3. PRICE, TOLERANCE AND PAYMENT

  • 3.1   Every effort will be made to hold prices firm; however, all prices are subject to alteration without notice. (e.g. exceptional freight fluctuations) It is the responsibility of the customer to check prices before placing an order and the actual prices to be paid shall be those ruling at date of dispatch.
  • 3.2   All quotations are made and all orders are accepted subject to availability of raw materials and subject also to normal manufacturing tolerances as to width, length, thickness, description, print, registration and colour, dimensions being measured overall (i.e. cut to cut)
  • 3.3   Artworks and moulds will be charged for unless otherwise stated.
  • 3.4   No order submitted by the buyer shall be deemed to be accepted by the Company unless and until confirmed in the form of an order acknowledgement, with any amendments necessary, by the Company’s authorised representative.
  • 3.5   Time for payment for the Goods shall be of the essence and will be stated on the invoice or any other forms.
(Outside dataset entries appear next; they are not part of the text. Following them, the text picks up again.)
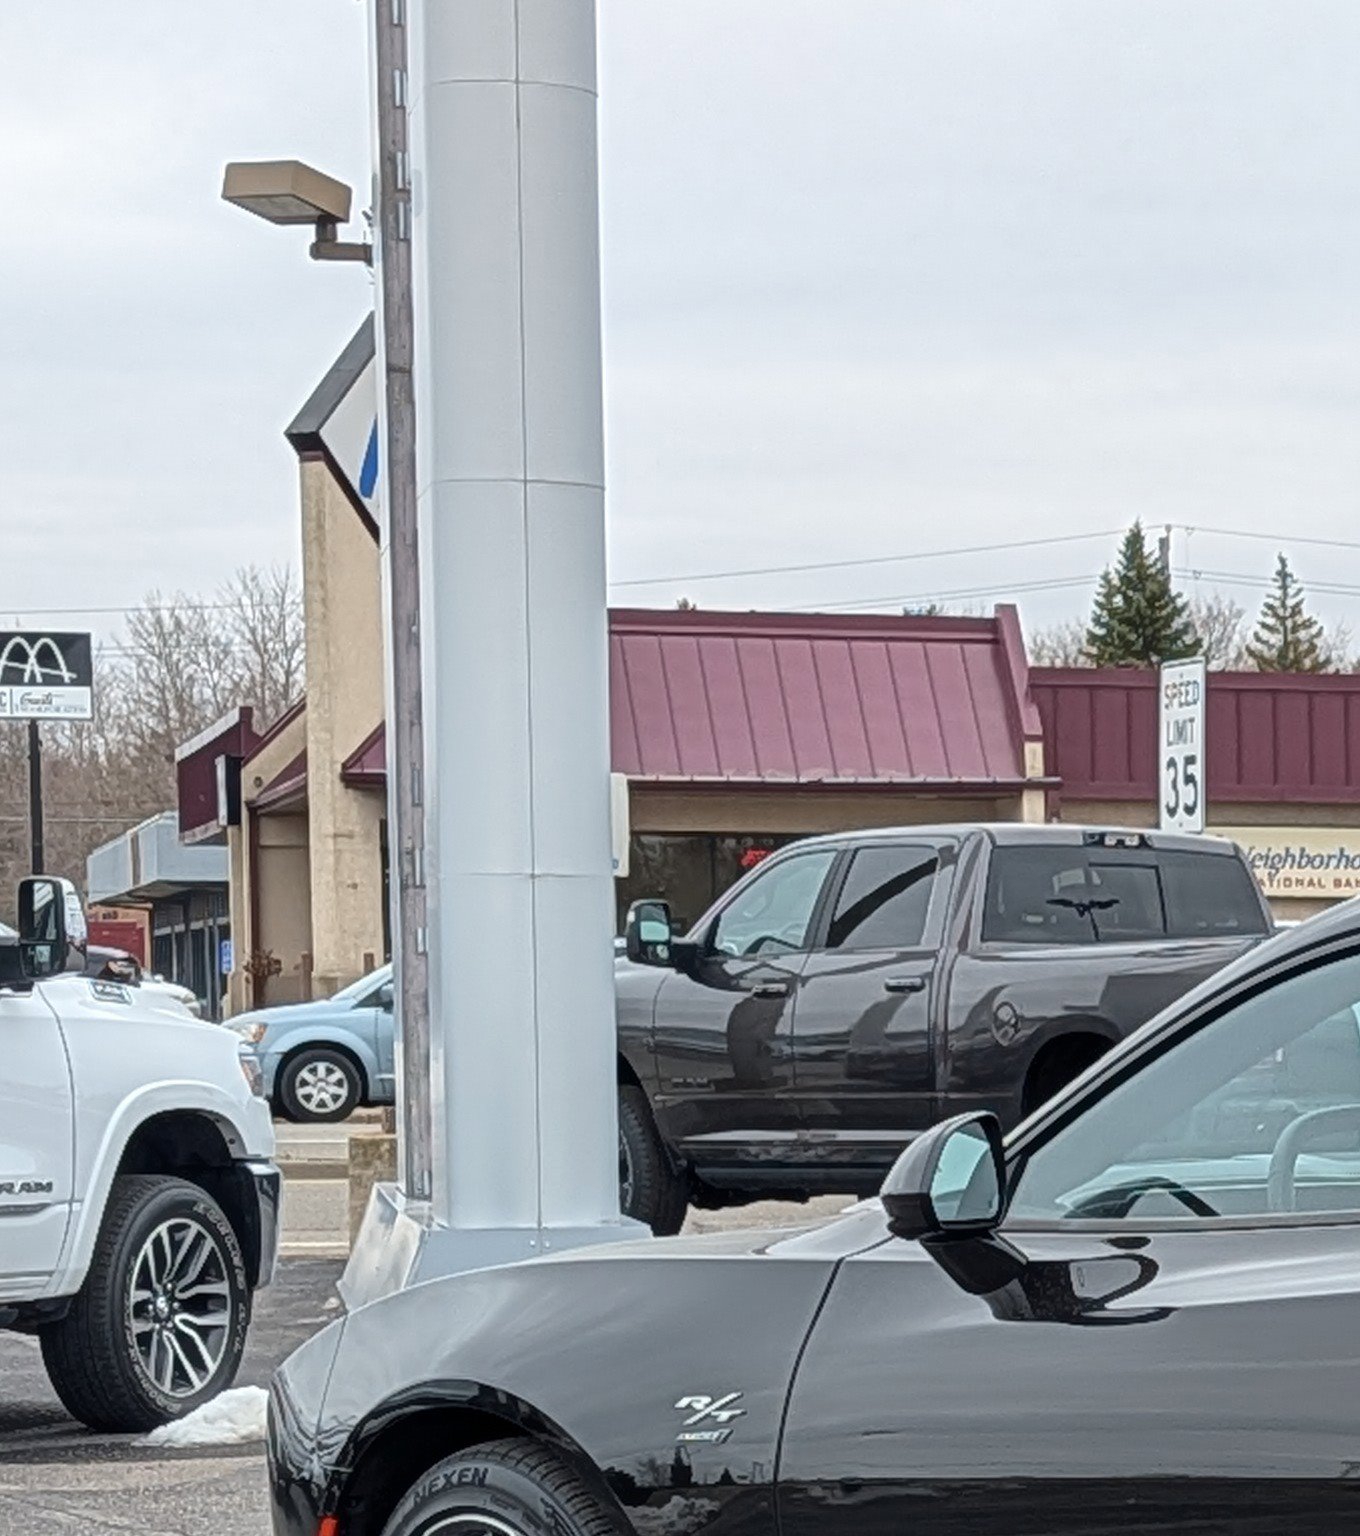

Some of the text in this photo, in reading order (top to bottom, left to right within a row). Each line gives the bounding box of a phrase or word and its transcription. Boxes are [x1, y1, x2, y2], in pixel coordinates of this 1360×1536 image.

[1165, 680, 1200, 710] SPEED
[1166, 716, 1196, 747] LIMIT
[1165, 754, 1199, 819] 35
[1256, 876, 1327, 890] ATIONAL
[674, 1391, 747, 1426] R/T
[412, 1466, 489, 1507] NEXEN
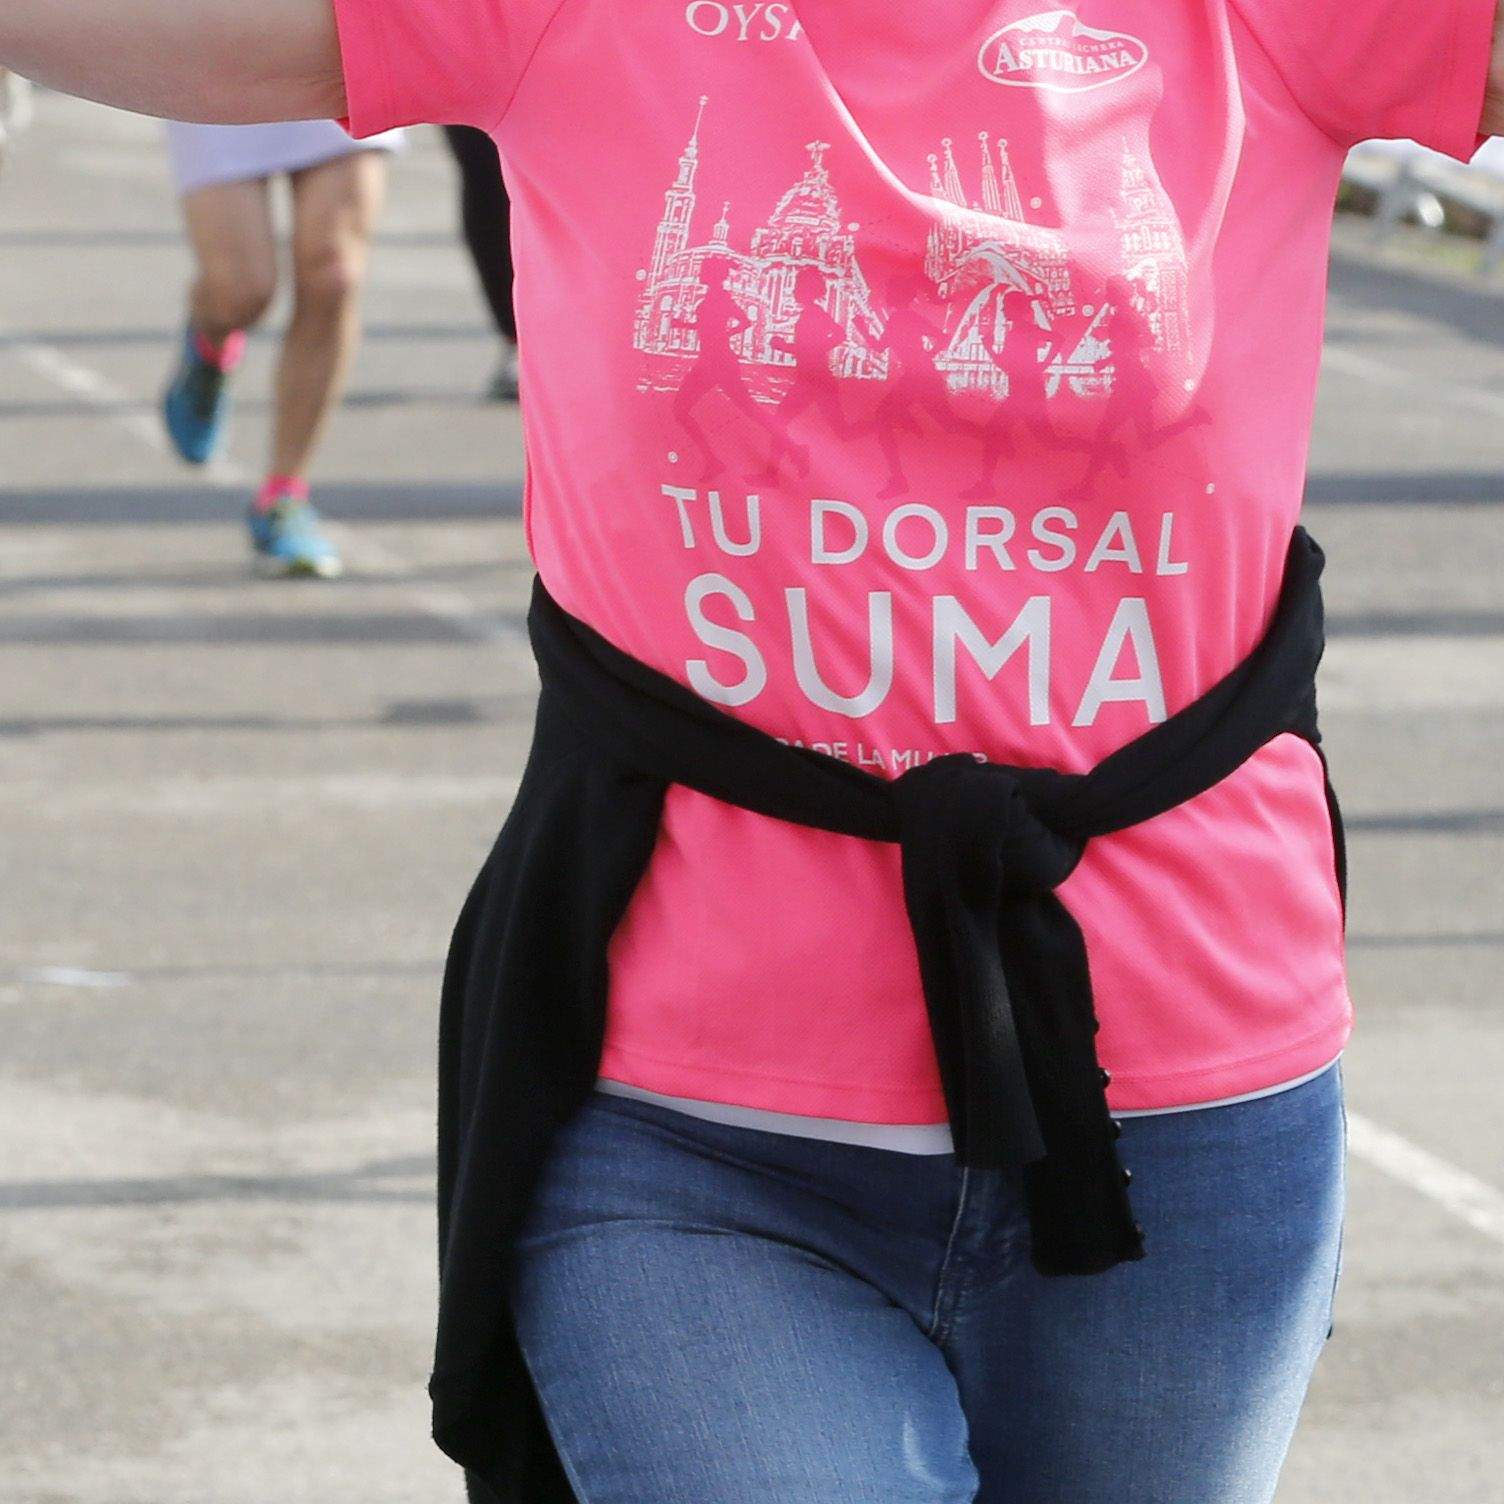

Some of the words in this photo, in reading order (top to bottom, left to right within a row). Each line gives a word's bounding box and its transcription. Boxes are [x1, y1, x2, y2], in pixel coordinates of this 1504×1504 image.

[993, 42, 1138, 75] ASTURIANA
[661, 483, 762, 557] TU
[809, 498, 1190, 576] DORSAL
[683, 572, 1168, 728] SUMA
[857, 742, 887, 770] LA
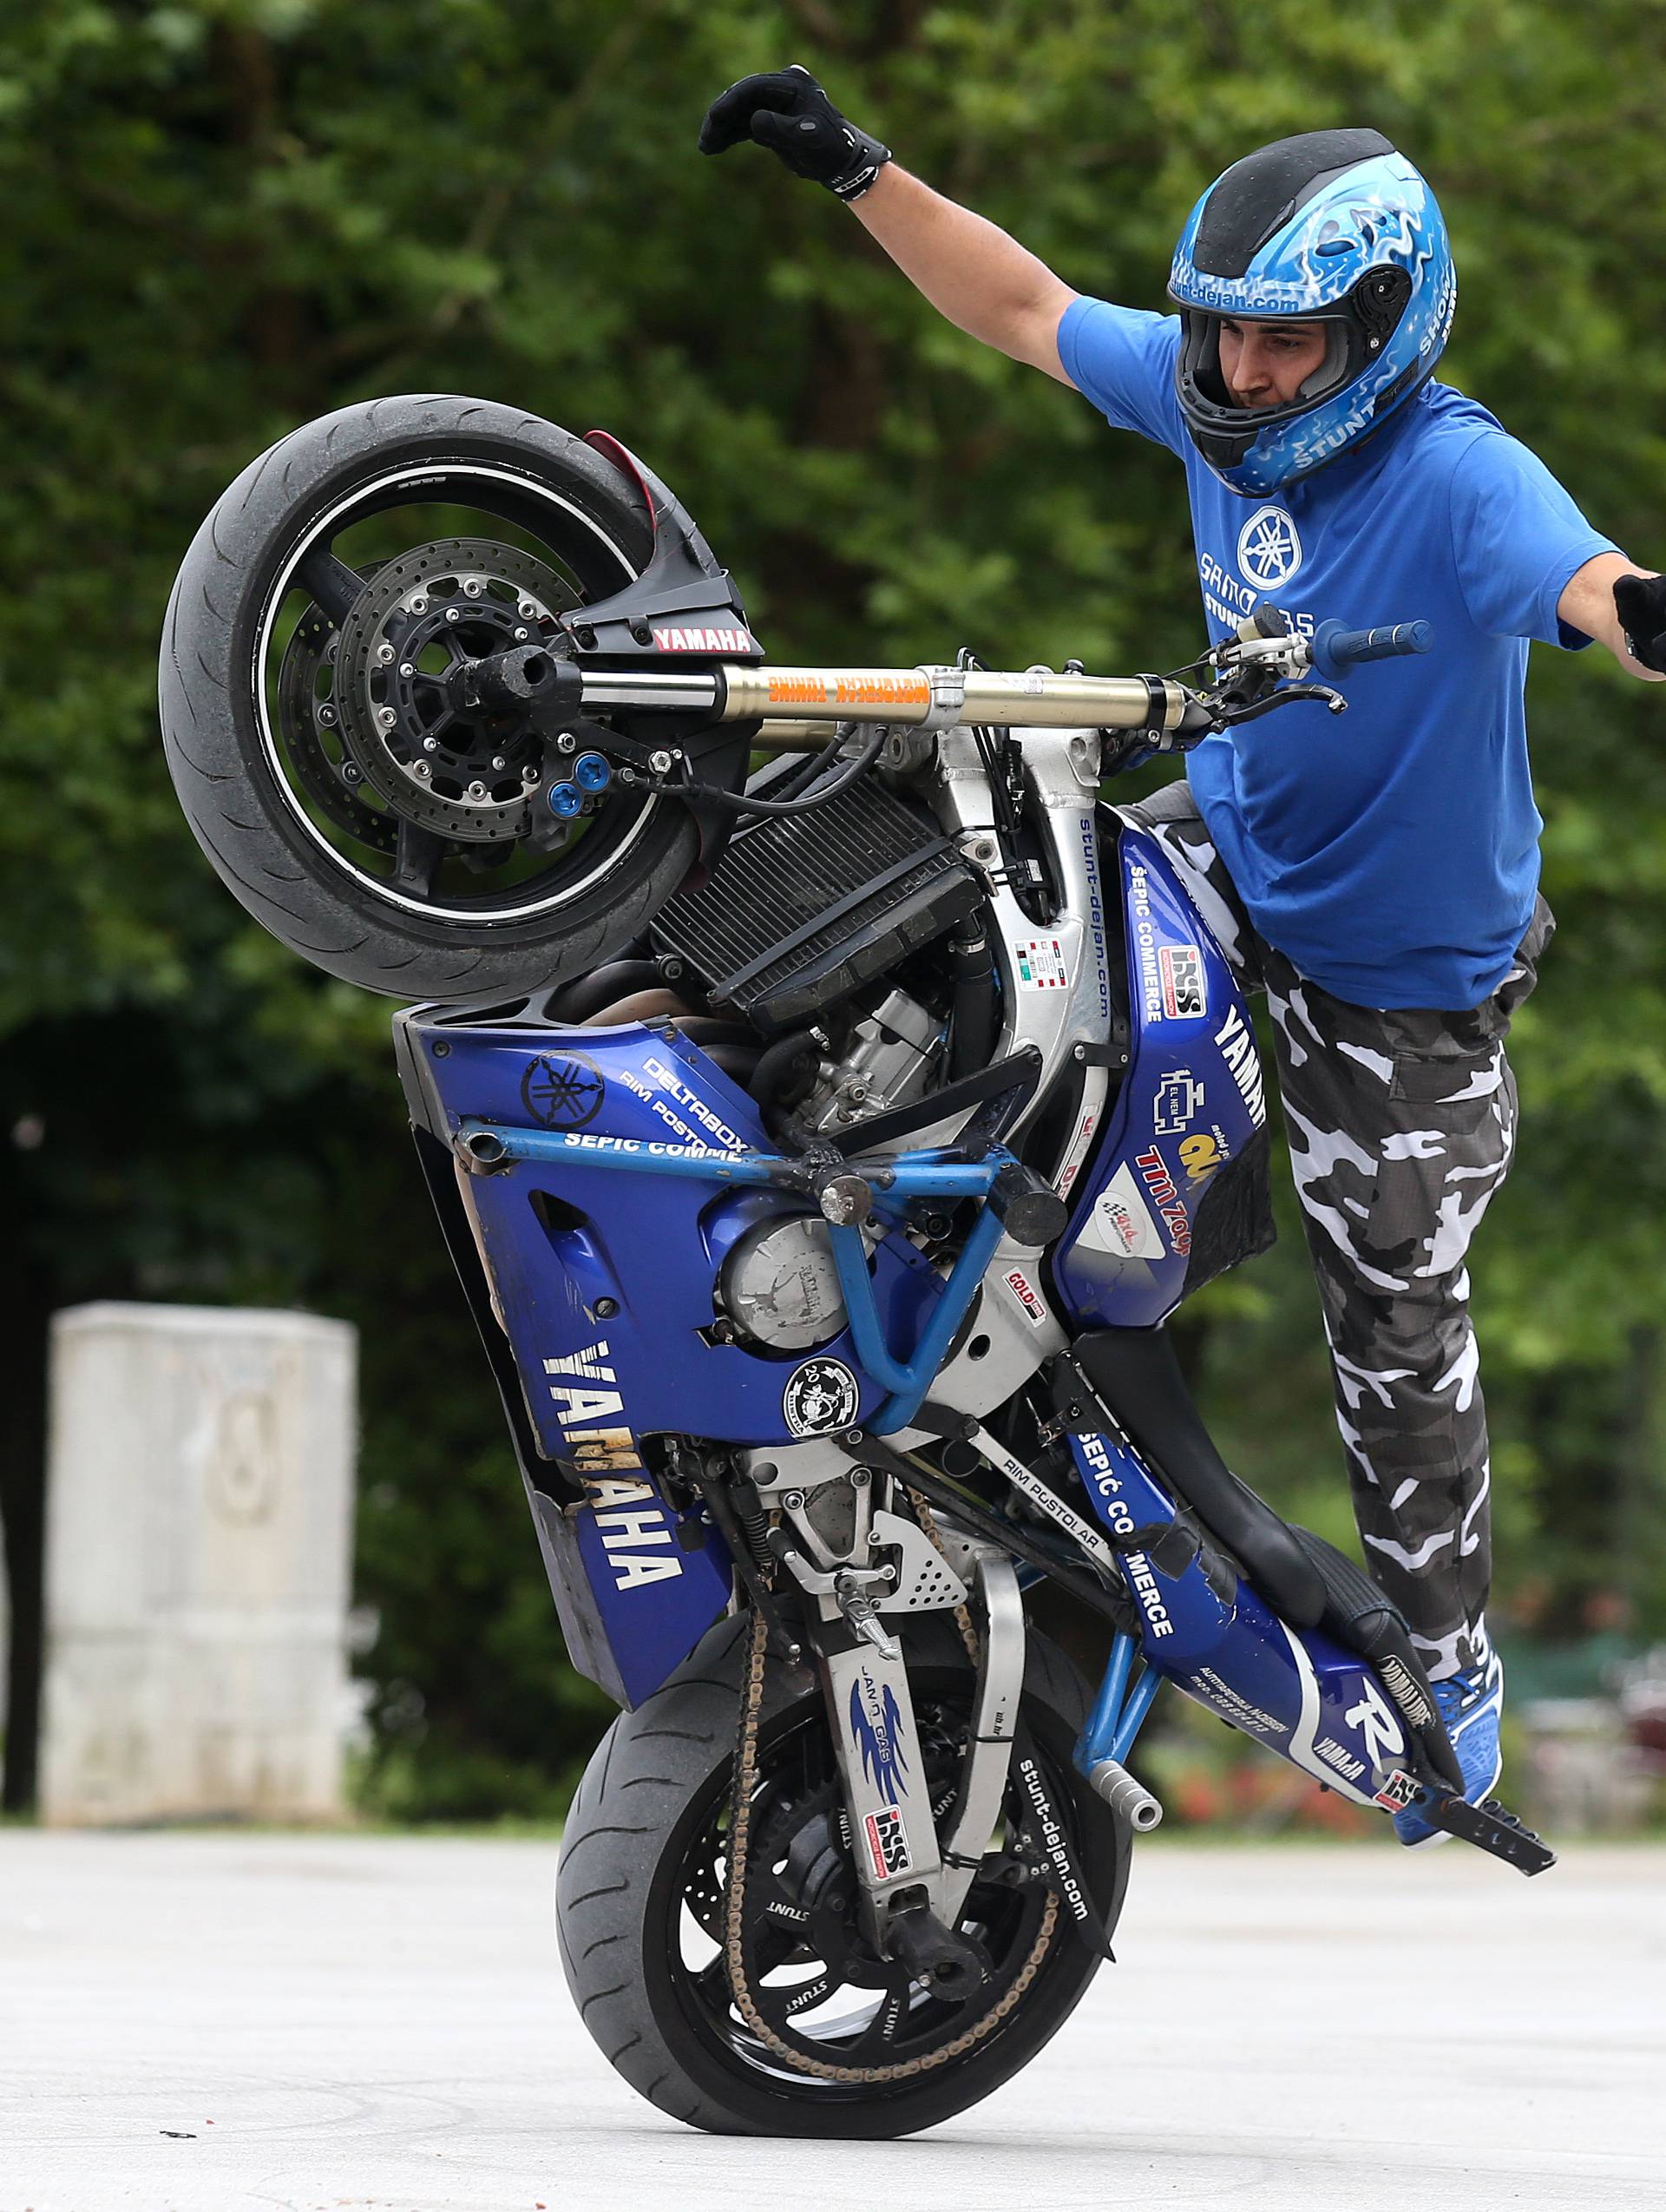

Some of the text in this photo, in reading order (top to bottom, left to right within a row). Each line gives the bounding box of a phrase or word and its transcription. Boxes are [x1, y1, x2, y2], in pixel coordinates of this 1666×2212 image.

If no time is stated then payment shall be due thirty (30) days following the date of the invoice unless otherwise agreed in writing.
  • 3.6   Payment will be made by credit card, EFT, direct debit or by any other method as agreed to between the Customer and the Company. VAT and other taxes and duties that may be applicable shall be added to the Price except when they are expressly included in the Price.
  • 3.7   Full settlement in accordance with our terms is necessary to ensure continuity of supply.
  • 3.8   The Company retains legal title to all goods supplied until payment of all monies due on the customer's account is received in full.
  • 3.9   Invoice will be provided to the customer in electronic format.
  • 3.10   Payment for an order will not be accepted from a third party. This does not confer a change in the parties contracted for that or any other orders.

4. DELIVERY OF GOODS

  • 4.1   Goods will be delivered as soon as they are ready and time shall not be deemed the essence of the contract so far as concerns delivery of the goods and , apart from protracted and unreasonable delay on the part of the Company, the Company shall not, by reason of agreeing to deliver by a specific date, be deemed to have waived the benefit of this condition. At the Company’s sole discretion delivery of the Goods shall take place when the Customer takes possession of the Goods at the Customer’s address.
  • 4.2   Once prior agreement is reached the company reserves the right to apply a delivery charge for some or all deliveries. Unless otherwise stated, a €10 delivery charge applies to all orders of value less than €100 (ex VAT).
  • 4.3   The Customer shall make all arrangements necessary to take delivery of the Goods whenever they are tendered for delivery. In the event that the Customer is unable to take delivery of the Goods as arranged then the Company shall be entitled to charge a reasonable fee for re-delivery.
  • 4.4   All daytime deliveries should be checked and signed for by the customer at the time of delivery. Any discrepancies should be noted on the driver's delivery docket at the time of delivery. No claims for damages, shortages or incorrect goods can be accepted after this time.
  • 4.5   Any discrepancies for deliveries made to a closed outlet must be raised on the day of delivery.
  • 4.6   Delivery of the Goods to a third party nominated by the Customer is deemed to be delivery to the Customer for the purposes of this agreement.
  • 4.7   The failure of the Company to deliver shall not entitle either party to treat this contract as repudiated.
  • 4.8   The Company shall not be liable for any loss or damage whatever due to failure by the Company to deliver the Goods (or any of them) promptly or at all.
  • 4.9   Any particulars or instructions to be supplied by the Buyer, before the company can proceed with or complete a contract, must be furnished within a reasonable time to enable the company to deliver the goods within the time specified.
  • 4.10   Where a contract or order calls for delivery by instalments, each instalment shall be deemed to be the subject of a sperate contract or order and non-delivery or delay in any instalment shall not affect the balance of the contract or entitle buyer to cancel same.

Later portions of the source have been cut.